-- What is being asked --
The lines from the one containing "this 1280×960 image." through the last line below, both ends included, must be reproduced exactly, with no pictures.

Records excerpted from a collection:
----

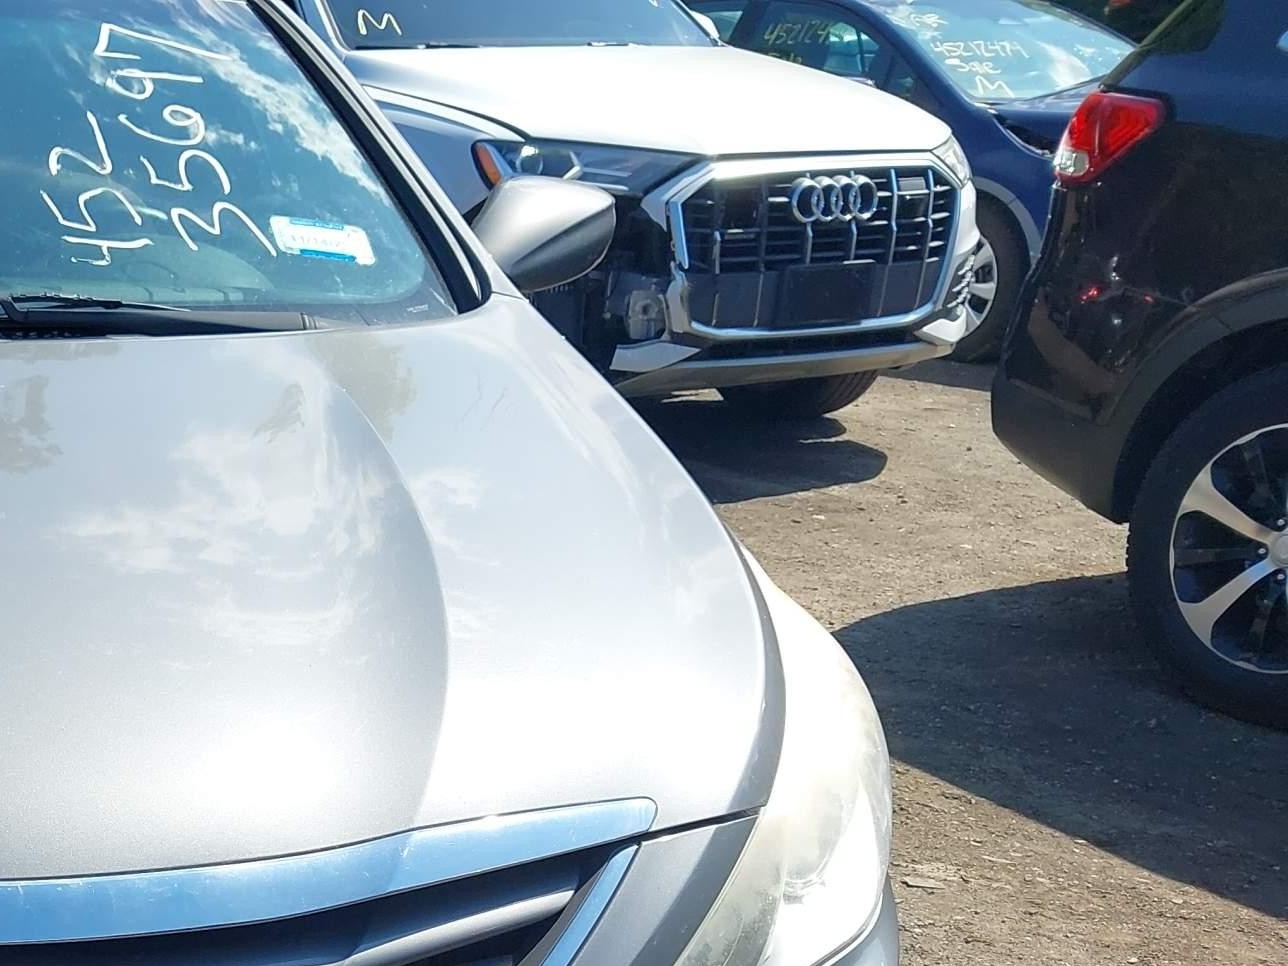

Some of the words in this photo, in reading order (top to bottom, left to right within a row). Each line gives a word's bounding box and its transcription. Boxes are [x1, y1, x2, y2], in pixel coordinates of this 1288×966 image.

[357, 8, 402, 36] M
[39, 110, 154, 266] 452
[93, 22, 278, 257] 35697
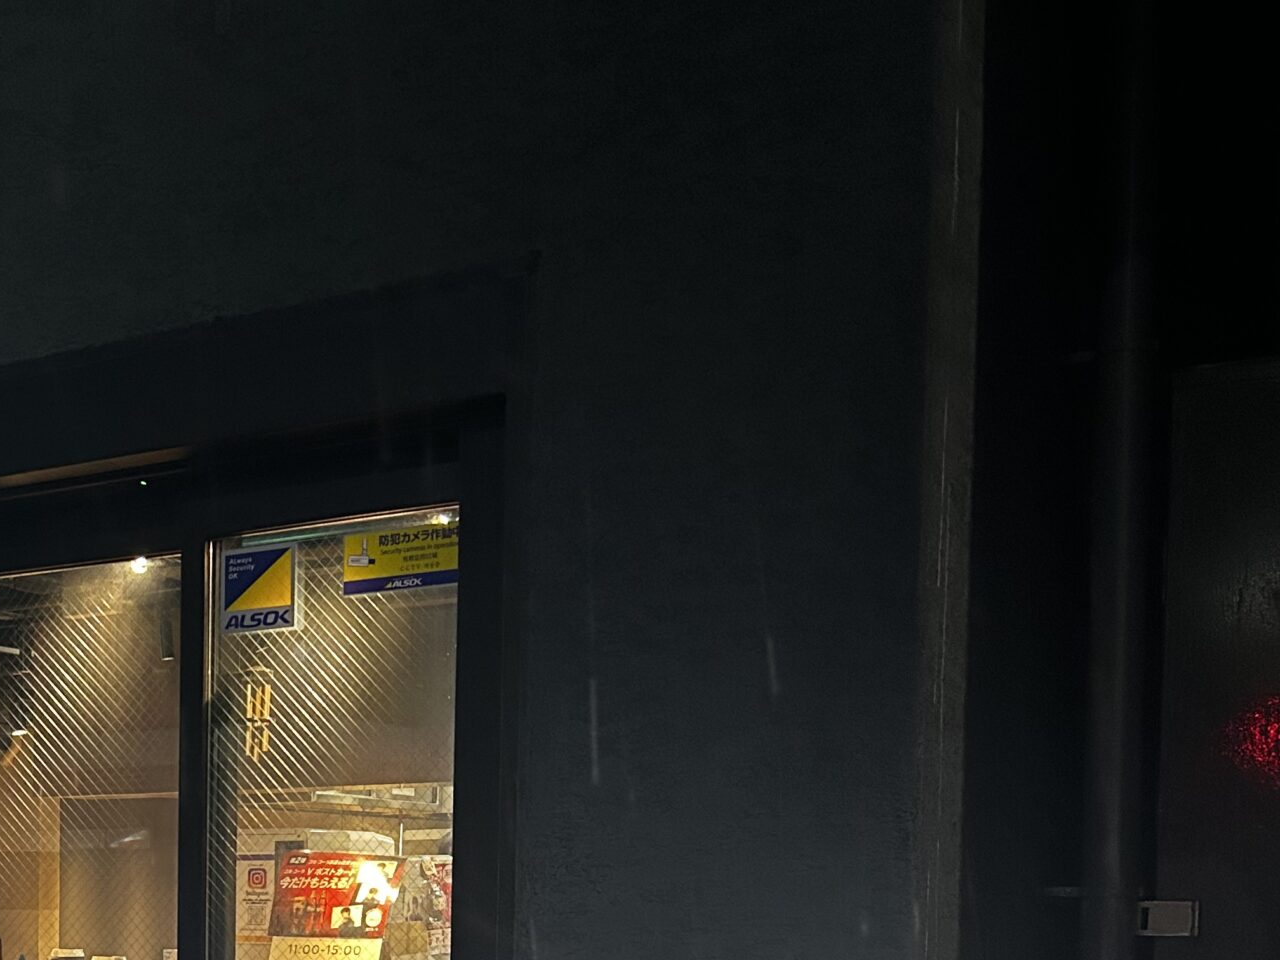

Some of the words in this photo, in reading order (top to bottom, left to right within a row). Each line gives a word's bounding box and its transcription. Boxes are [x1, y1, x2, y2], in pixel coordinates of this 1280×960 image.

[392, 578, 422, 588] ALSOK
[225, 609, 290, 630] ALSOK
[288, 943, 361, 956] 11:00-15:00
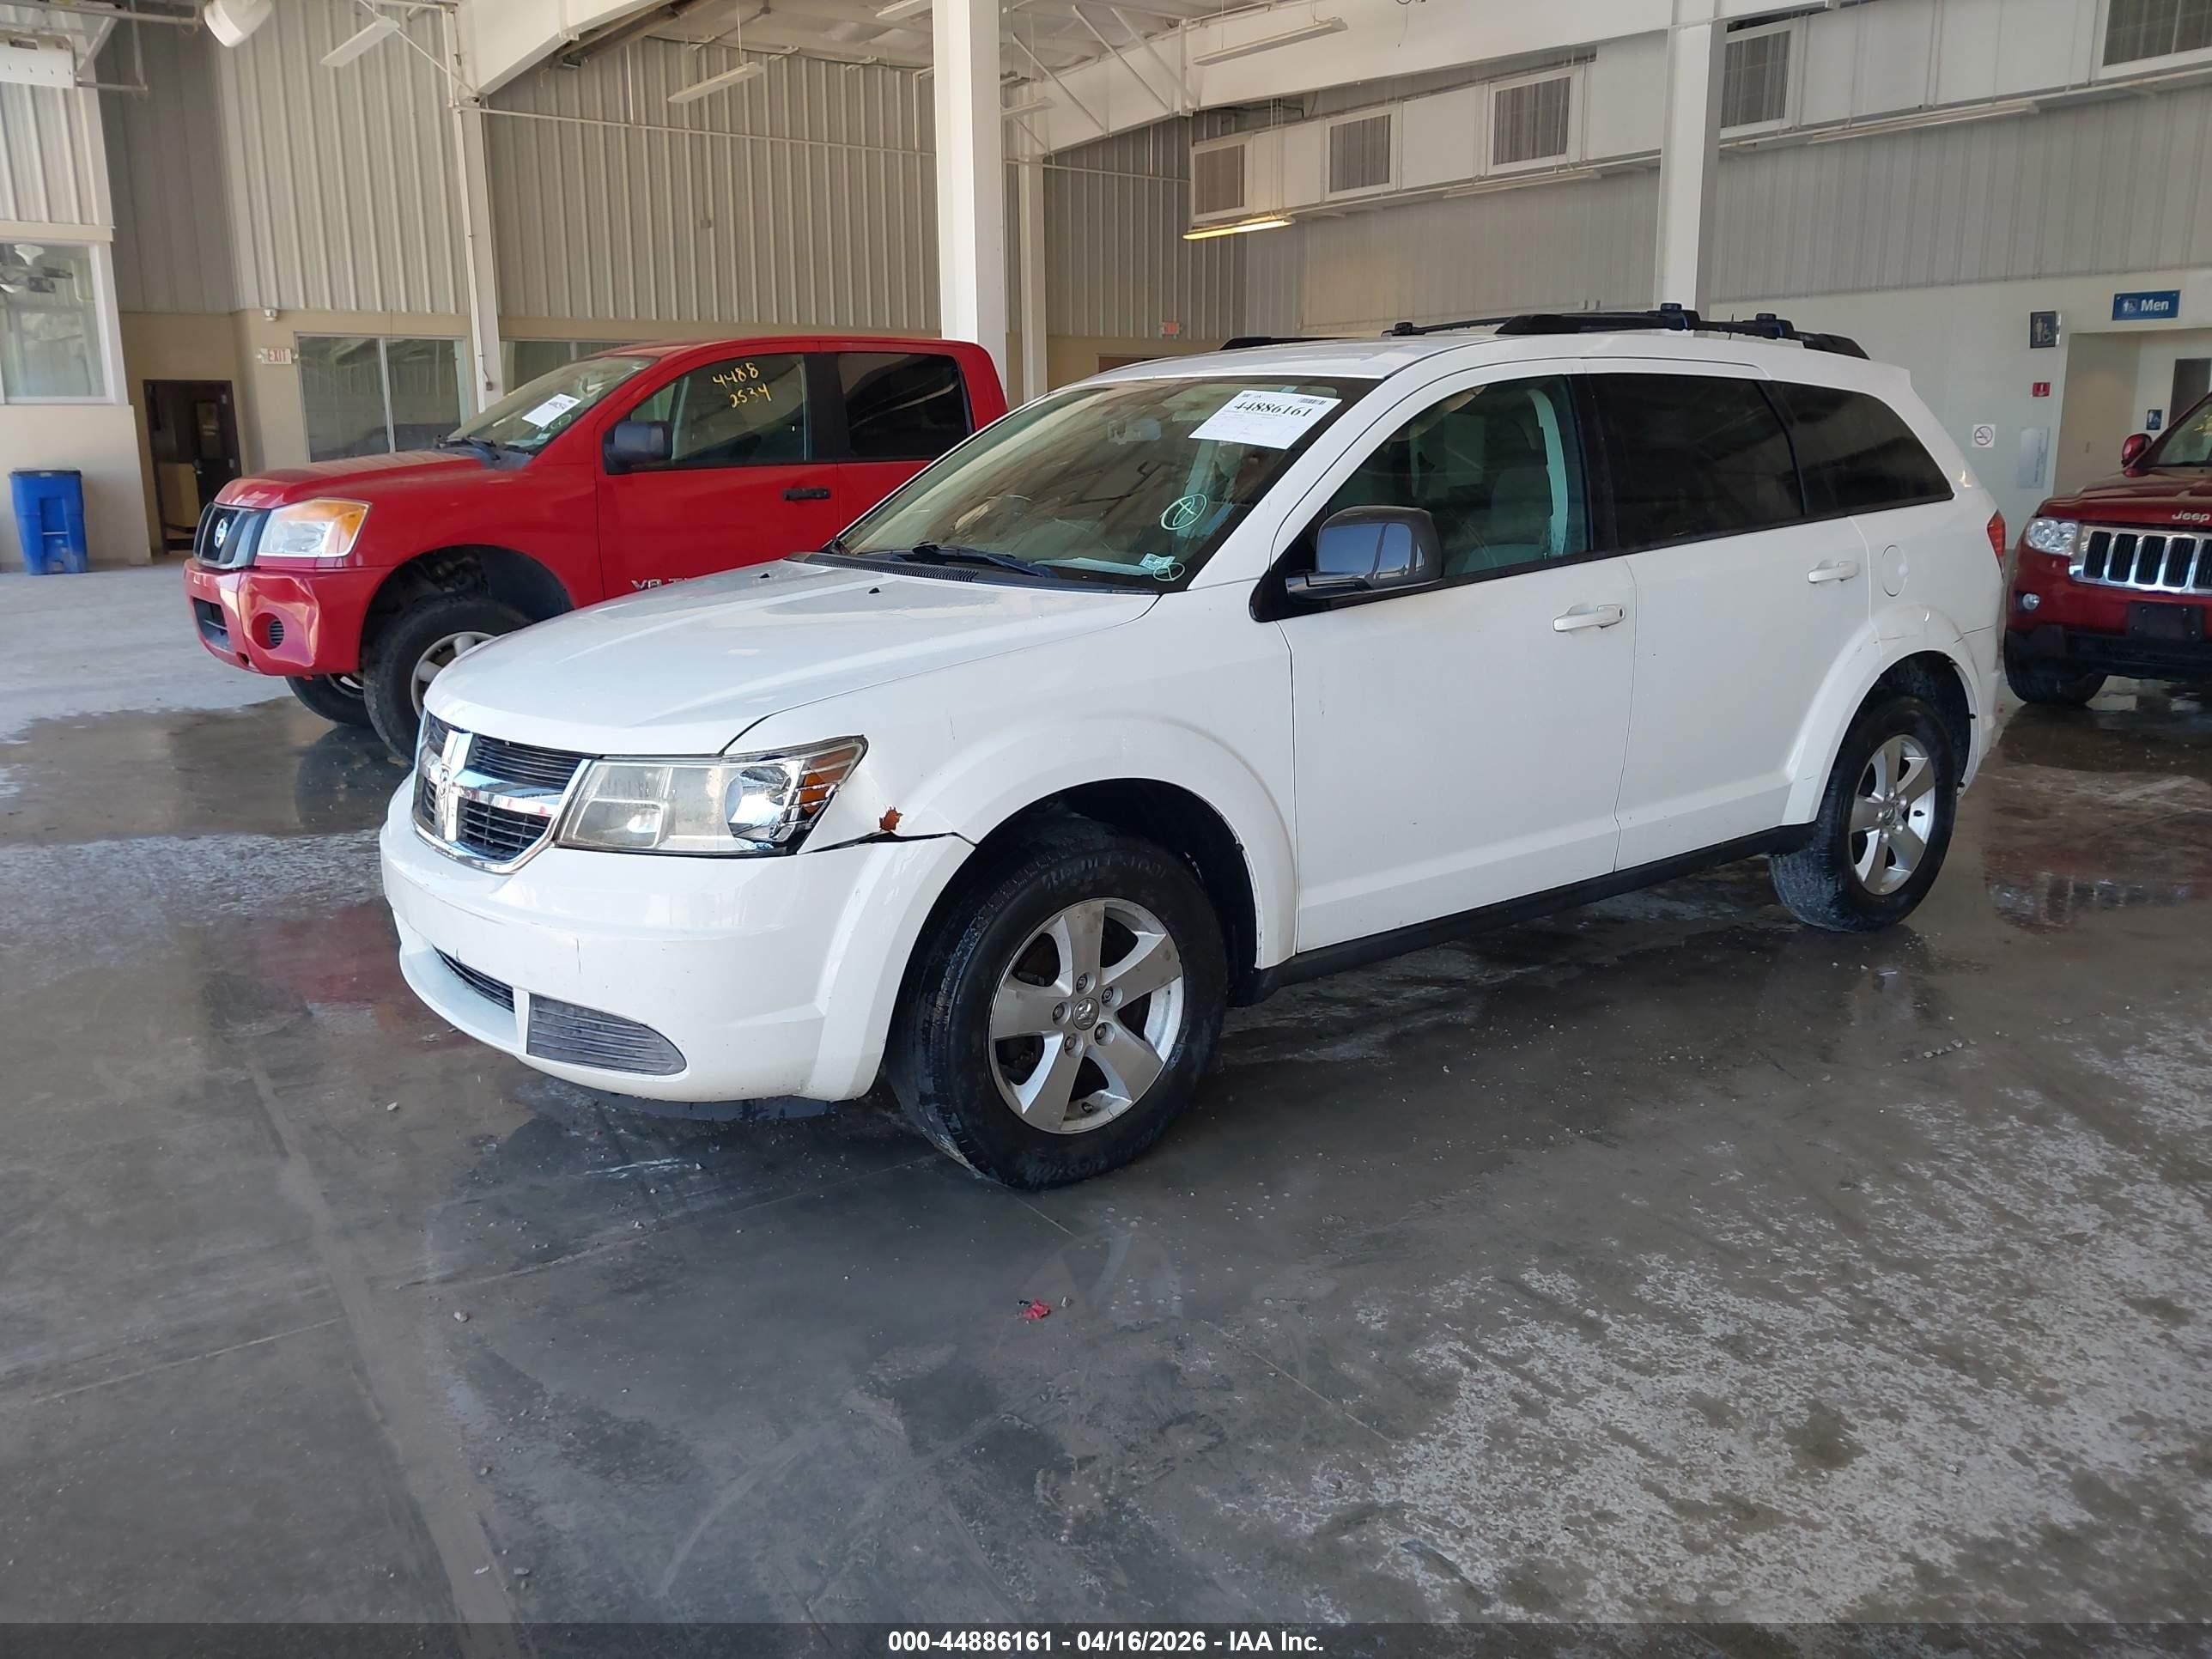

----

-- Answer section --
Some of the words in this photo, in reading order (top to bottom, left to right within a row). Each line gives a word's bounding box and its transcription. Boxes are [x1, y1, x2, y2], in pixel coordinates of this 1280×960 image.

[392, 578, 422, 588] ALSOK
[225, 609, 290, 630] ALSOK
[288, 943, 361, 956] 11:00-15:00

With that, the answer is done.